» **Brief**: Your task is to repeat the entries underneath exactly, minus the pictures.

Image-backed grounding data
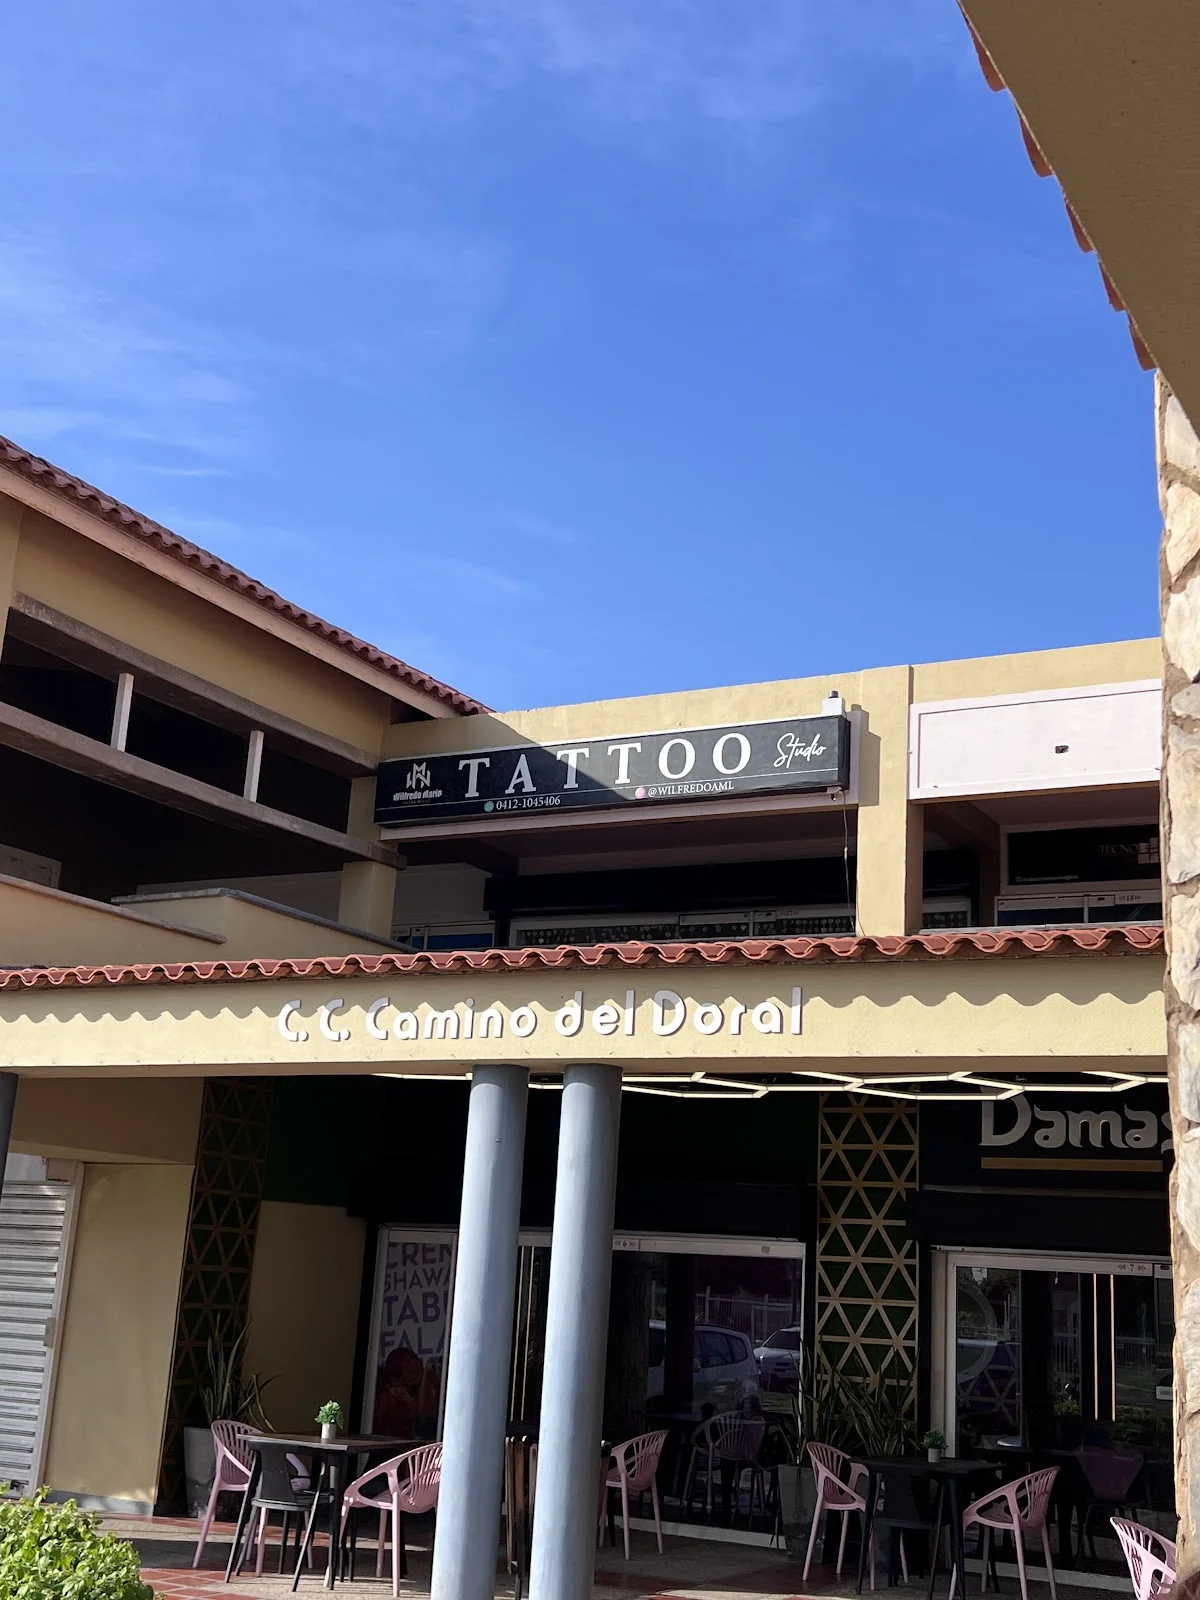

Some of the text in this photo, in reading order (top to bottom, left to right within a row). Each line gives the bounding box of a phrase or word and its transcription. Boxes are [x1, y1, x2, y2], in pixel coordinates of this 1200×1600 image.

[458, 732, 827, 798] TATTOO Studio
[496, 795, 561, 811] 0412-1045406
[648, 781, 735, 798] @WILFREDOAML
[366, 997, 539, 1041] Camino
[554, 990, 636, 1038] del
[651, 986, 803, 1036] Doral
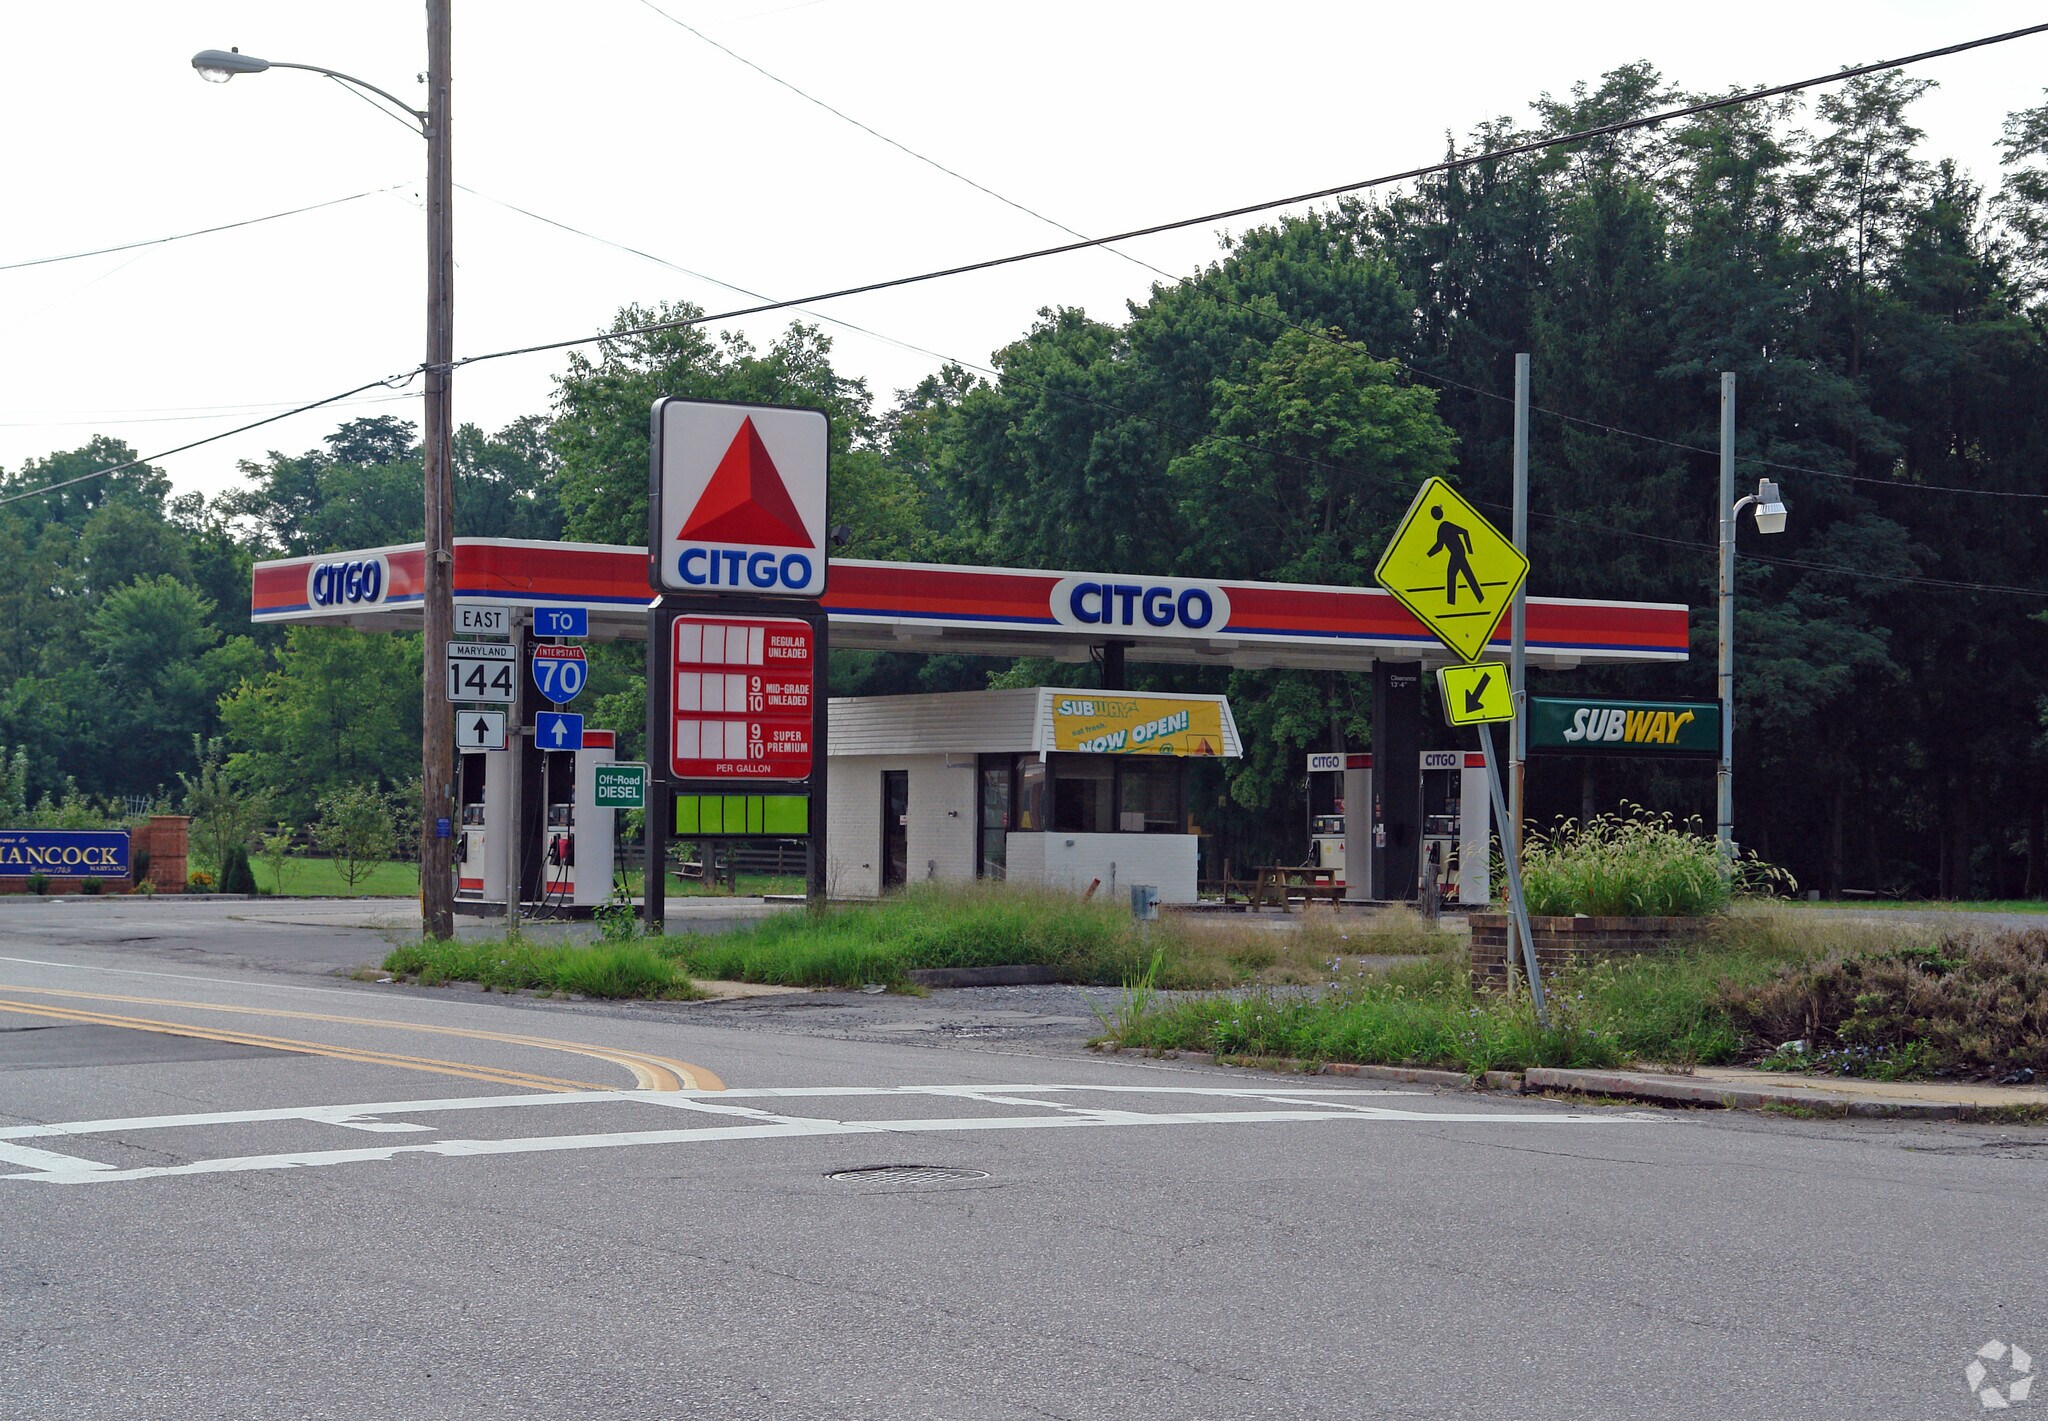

» **Answer space**:
Some of the text in this photo, in reading order (top to bottom, left to right within a row). Each line gives the bounding box of a phrase or word and its transcription. Boxes are [x1, y1, x2, y2], in pixel coordinates of this 1200×1600 image.

[458, 732, 827, 798] TATTOO Studio
[496, 795, 561, 811] 0412-1045406
[648, 781, 735, 798] @WILFREDOAML
[366, 997, 539, 1041] Camino
[554, 990, 636, 1038] del
[651, 986, 803, 1036] Doral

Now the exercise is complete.